Section 4 of the above Act was amended by Senate Bill No.63, Acts 49th Leg., R.S. 1945, ch. 35, p.52, which reads as follows:

"Sec. 4. Establishment of Juvenile Courts. There is hereby established as follows, in each county of the state, a court of record to be known as the Juvenile Court, having such jurisdiction as may be necessary to carry out the provisions of this Act.

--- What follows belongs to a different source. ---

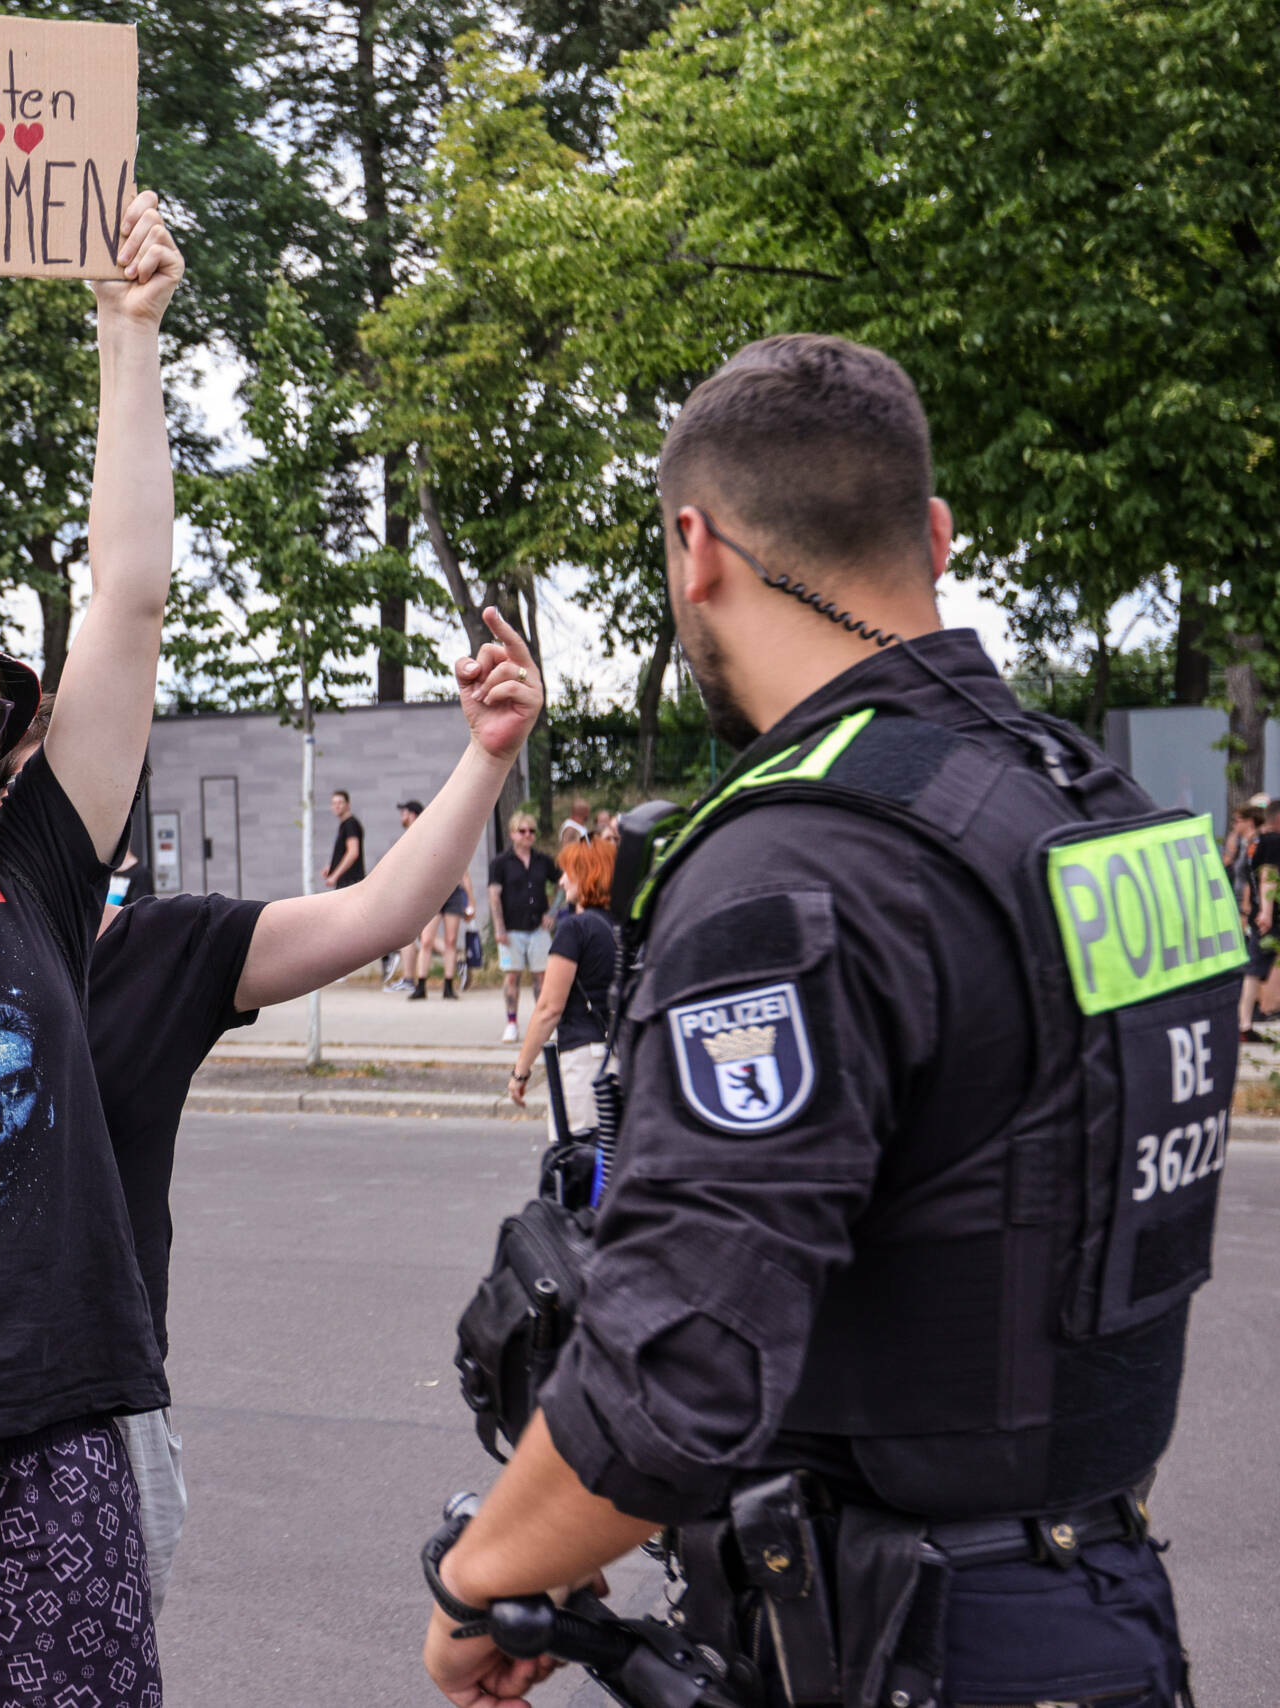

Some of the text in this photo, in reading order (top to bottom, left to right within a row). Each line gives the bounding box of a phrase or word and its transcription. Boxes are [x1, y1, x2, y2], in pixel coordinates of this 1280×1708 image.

"'In counties having juvenile boards, such boards may designate the County Court or one or more of the District Courts or Criminal District Courts to be the Juvenile Court or Courts for such county, and such designation may be changed from time to time by such juvenile boards. In all other counties the District Court or the County Court shall be the Juvenile Court as agreed between the judges of such respective courts, but until such time such County Court and District Court shall have concurrent jurisdiction in cases of children coming within the terms of this Act.

"'Said Criminal District Courts and the judges thereof shall have the same jurisdiction, powers, authority and duties as is now or may be conferred upon District Courts in regard to such children.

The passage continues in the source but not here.